# Supplied entries
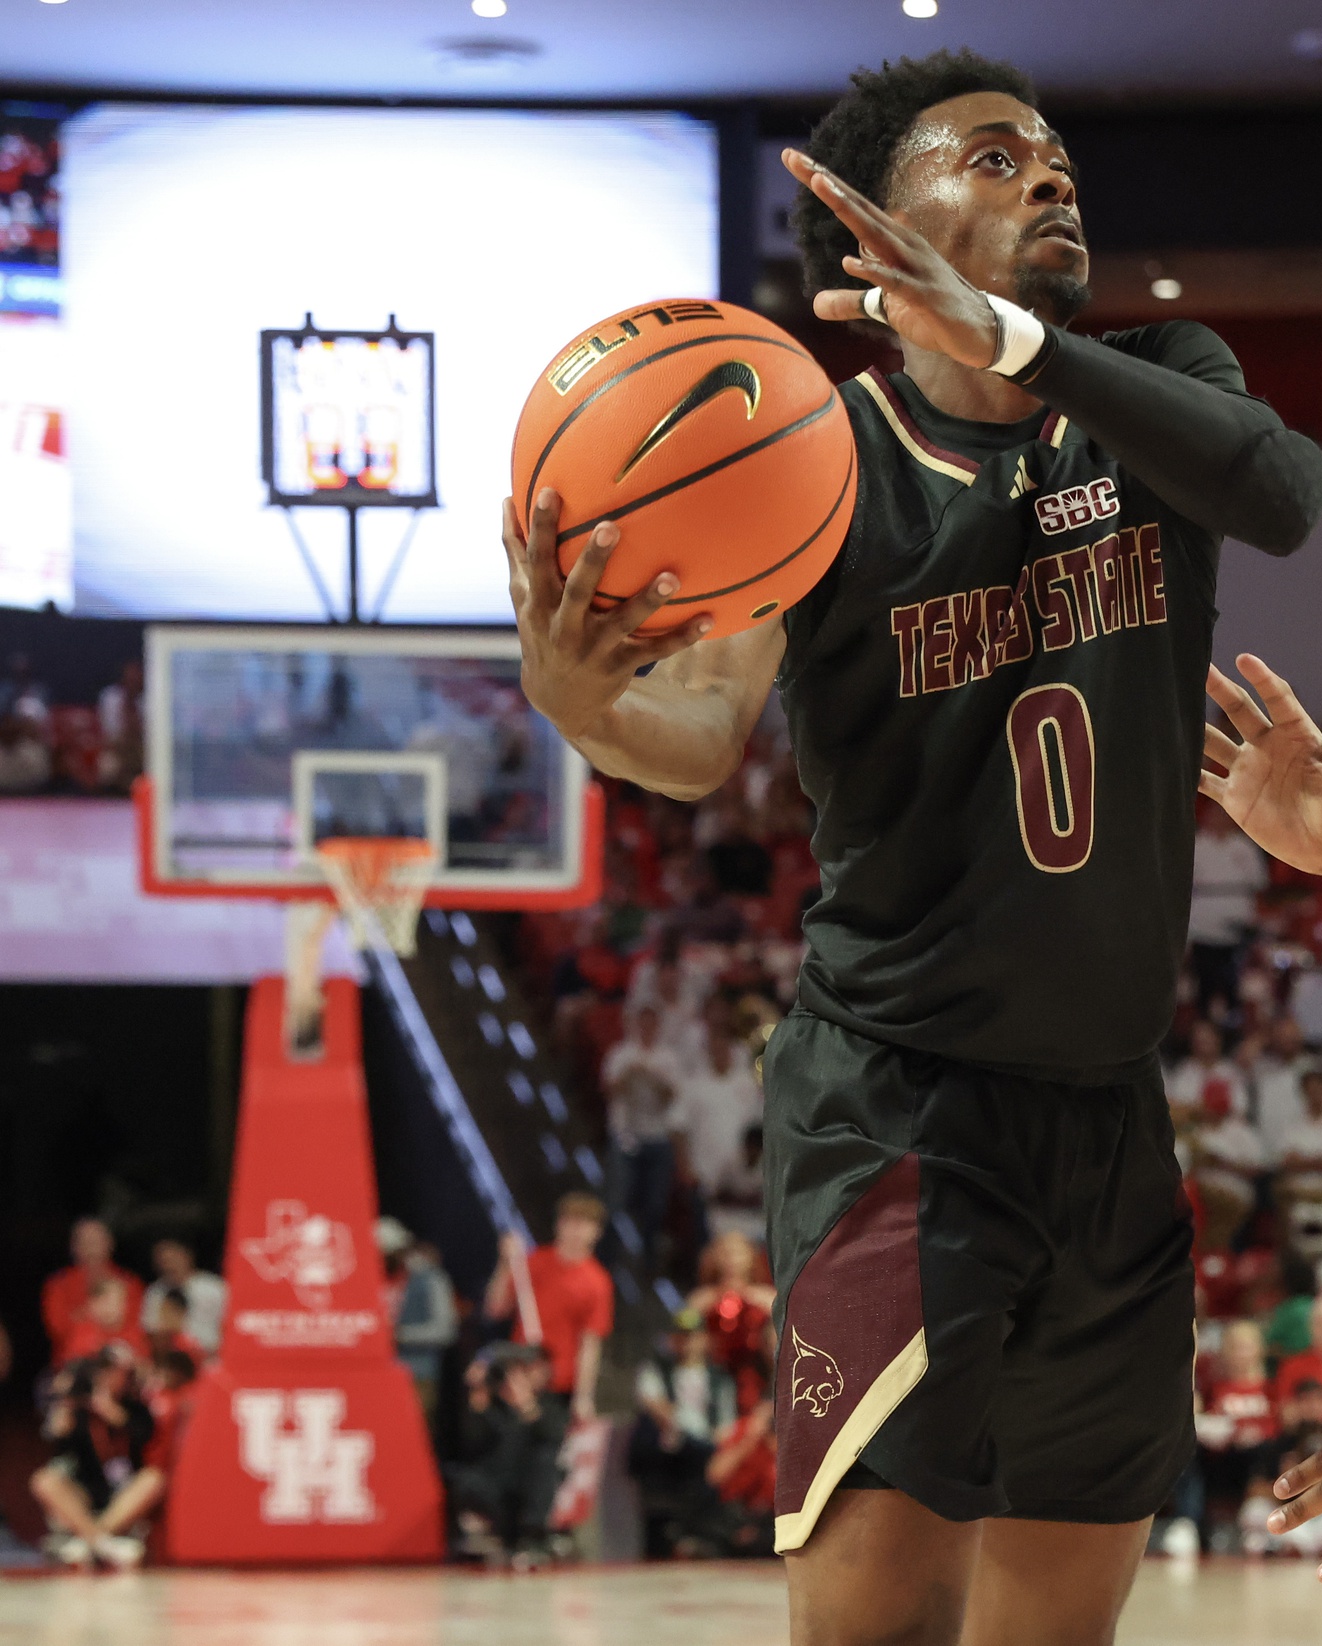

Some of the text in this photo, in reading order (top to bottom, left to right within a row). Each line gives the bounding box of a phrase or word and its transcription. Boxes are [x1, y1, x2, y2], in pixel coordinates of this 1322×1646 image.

[546, 302, 725, 397] ELITE
[1034, 477, 1121, 535] SBC
[891, 522, 1168, 698] TEXAS STATE
[1006, 682, 1095, 873] 0
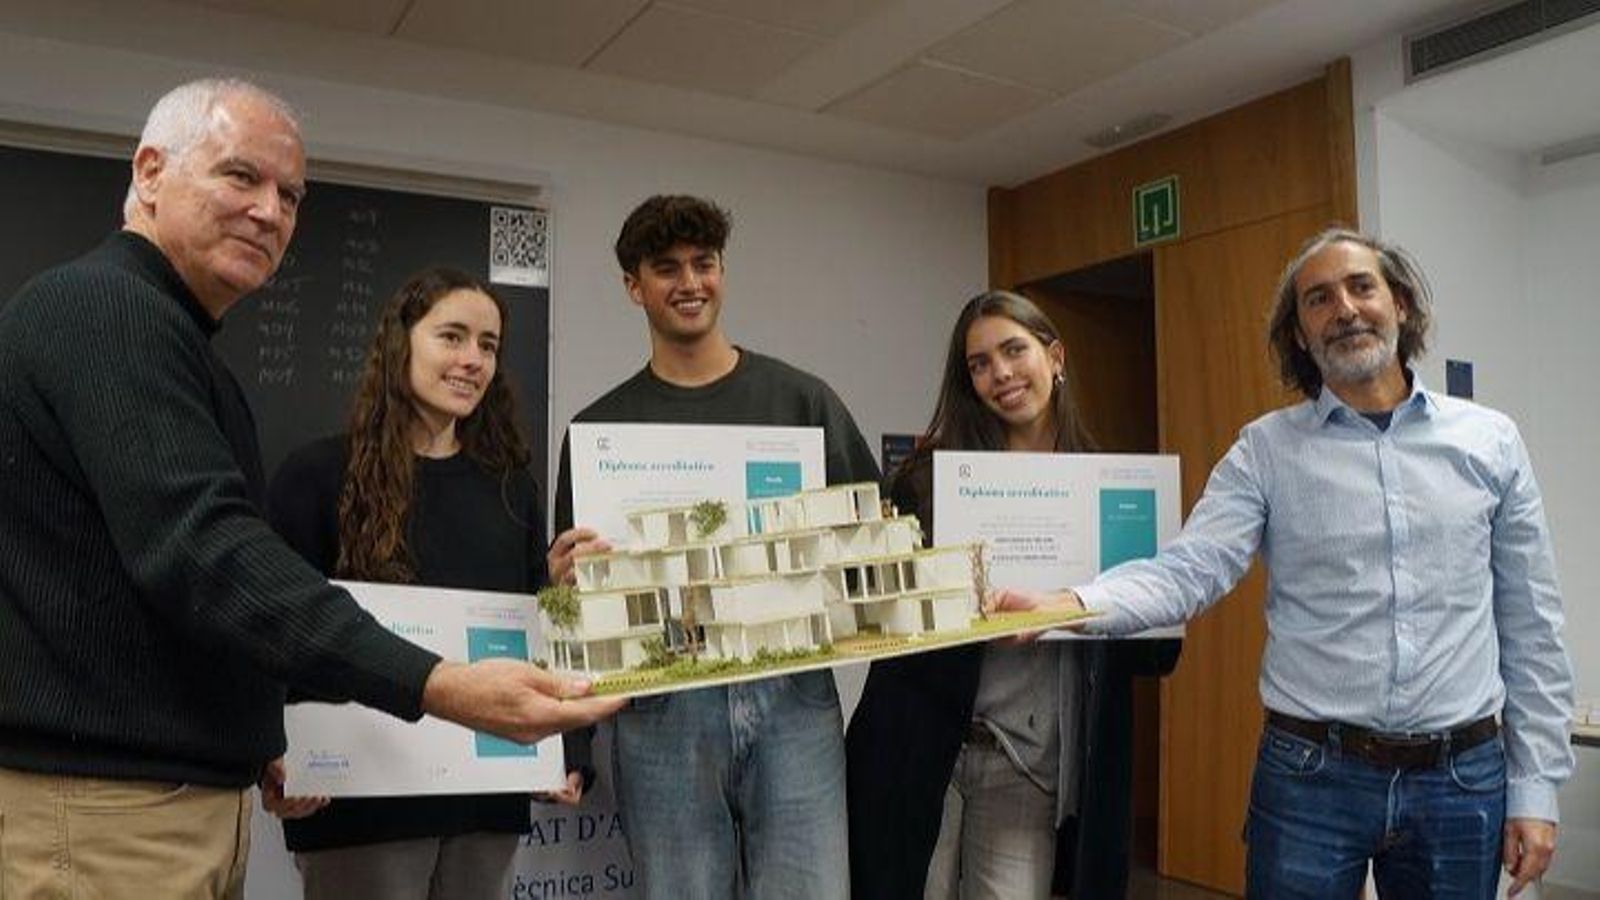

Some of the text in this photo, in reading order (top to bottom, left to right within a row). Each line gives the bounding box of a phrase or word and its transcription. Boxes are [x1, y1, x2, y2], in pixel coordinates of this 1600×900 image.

[598, 459, 647, 473] Diploma
[958, 484, 1006, 499] Diploma
[526, 811, 625, 846] AT D'A
[513, 863, 634, 900] ècnica Su

# Work to complete
Write out the data above exactly as it appears, but without any image.

# Worked solution
Some of the text in this photo, in reading order (top to bottom, left to right within a row). Each line gives the bounding box of a phrase or word and its transcription. Boxes are [x1, y1, x2, y2], in pixel coordinates of this 1322×1646 image.

[546, 302, 725, 397] ELITE
[1034, 477, 1121, 535] SBC
[891, 522, 1168, 698] TEXAS STATE
[1006, 682, 1095, 873] 0

Some of the text in this photo, in reading order (top to bottom, left to right within a row). Each line gives the bounding box of a phrase or word and its transcription. Boxes are [x1, y1, x2, y2], in pixel coordinates of this 1600×900 image.

[598, 459, 647, 473] Diploma
[958, 484, 1006, 499] Diploma
[526, 811, 625, 846] AT D'A
[513, 863, 634, 900] ècnica Su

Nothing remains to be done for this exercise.